▸ **Data section**
=====
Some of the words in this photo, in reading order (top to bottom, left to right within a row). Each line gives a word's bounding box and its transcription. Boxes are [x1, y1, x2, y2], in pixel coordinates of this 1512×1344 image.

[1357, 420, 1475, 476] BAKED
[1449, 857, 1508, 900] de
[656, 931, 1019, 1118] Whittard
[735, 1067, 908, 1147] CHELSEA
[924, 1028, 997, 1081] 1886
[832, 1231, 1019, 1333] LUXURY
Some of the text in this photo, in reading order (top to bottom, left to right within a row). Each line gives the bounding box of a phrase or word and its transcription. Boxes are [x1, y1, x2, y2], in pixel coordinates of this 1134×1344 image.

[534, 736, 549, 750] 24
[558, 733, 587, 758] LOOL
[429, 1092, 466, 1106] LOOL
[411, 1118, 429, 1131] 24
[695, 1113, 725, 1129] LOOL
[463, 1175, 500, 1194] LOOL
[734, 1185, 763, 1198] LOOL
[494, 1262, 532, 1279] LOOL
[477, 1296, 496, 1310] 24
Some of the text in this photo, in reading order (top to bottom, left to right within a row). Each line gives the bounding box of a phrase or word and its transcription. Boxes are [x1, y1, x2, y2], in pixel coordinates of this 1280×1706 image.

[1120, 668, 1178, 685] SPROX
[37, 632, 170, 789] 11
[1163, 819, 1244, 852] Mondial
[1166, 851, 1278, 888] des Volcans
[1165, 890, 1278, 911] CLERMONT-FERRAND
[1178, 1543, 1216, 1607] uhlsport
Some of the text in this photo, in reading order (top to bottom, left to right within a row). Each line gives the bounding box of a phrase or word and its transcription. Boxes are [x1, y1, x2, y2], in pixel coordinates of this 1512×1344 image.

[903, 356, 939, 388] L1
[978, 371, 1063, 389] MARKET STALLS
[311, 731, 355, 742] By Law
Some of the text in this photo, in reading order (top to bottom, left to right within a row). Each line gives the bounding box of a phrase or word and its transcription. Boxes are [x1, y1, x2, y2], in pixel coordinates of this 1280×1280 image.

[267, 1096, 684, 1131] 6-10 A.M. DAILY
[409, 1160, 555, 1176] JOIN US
=====
Retype the data. Keep every word as it stands.

▸ **Solution to the exercise**
Some of the words in this photo, in reading order (top to bottom, left to right within a row). Each line gives a word's bounding box and its transcription. Boxes are [x1, y1, x2, y2], in pixel coordinates of this 1512×1344 image.

[1357, 420, 1475, 476] BAKED
[1449, 857, 1508, 900] de
[656, 931, 1019, 1118] Whittard
[735, 1067, 908, 1147] CHELSEA
[924, 1028, 997, 1081] 1886
[832, 1231, 1019, 1333] LUXURY
Some of the text in this photo, in reading order (top to bottom, left to right within a row). Each line gives the bounding box of a phrase or word and its transcription. Boxes are [x1, y1, x2, y2], in pixel coordinates of this 1134×1344 image.

[534, 736, 549, 750] 24
[558, 733, 587, 758] LOOL
[429, 1092, 466, 1106] LOOL
[411, 1118, 429, 1131] 24
[695, 1113, 725, 1129] LOOL
[463, 1175, 500, 1194] LOOL
[734, 1185, 763, 1198] LOOL
[494, 1262, 532, 1279] LOOL
[477, 1296, 496, 1310] 24
Some of the text in this photo, in reading order (top to bottom, left to right within a row). Each line gives the bounding box of a phrase or word and its transcription. Boxes are [x1, y1, x2, y2], in pixel coordinates of this 1280×1706 image.

[1120, 668, 1178, 685] SPROX
[37, 632, 170, 789] 11
[1163, 819, 1244, 852] Mondial
[1166, 851, 1278, 888] des Volcans
[1165, 890, 1278, 911] CLERMONT-FERRAND
[1178, 1543, 1216, 1607] uhlsport
Some of the text in this photo, in reading order (top to bottom, left to right within a row). Each line gives the bounding box of a phrase or word and its transcription. Boxes are [x1, y1, x2, y2], in pixel coordinates of this 1512×1344 image.

[903, 356, 939, 388] L1
[978, 371, 1063, 389] MARKET STALLS
[311, 731, 355, 742] By Law
Some of the text in this photo, in reading order (top to bottom, left to right within a row). Each line gives the bounding box of a phrase or word and its transcription. Boxes are [x1, y1, x2, y2], in pixel coordinates of this 1280×1280 image.

[267, 1096, 684, 1131] 6-10 A.M. DAILY
[409, 1160, 555, 1176] JOIN US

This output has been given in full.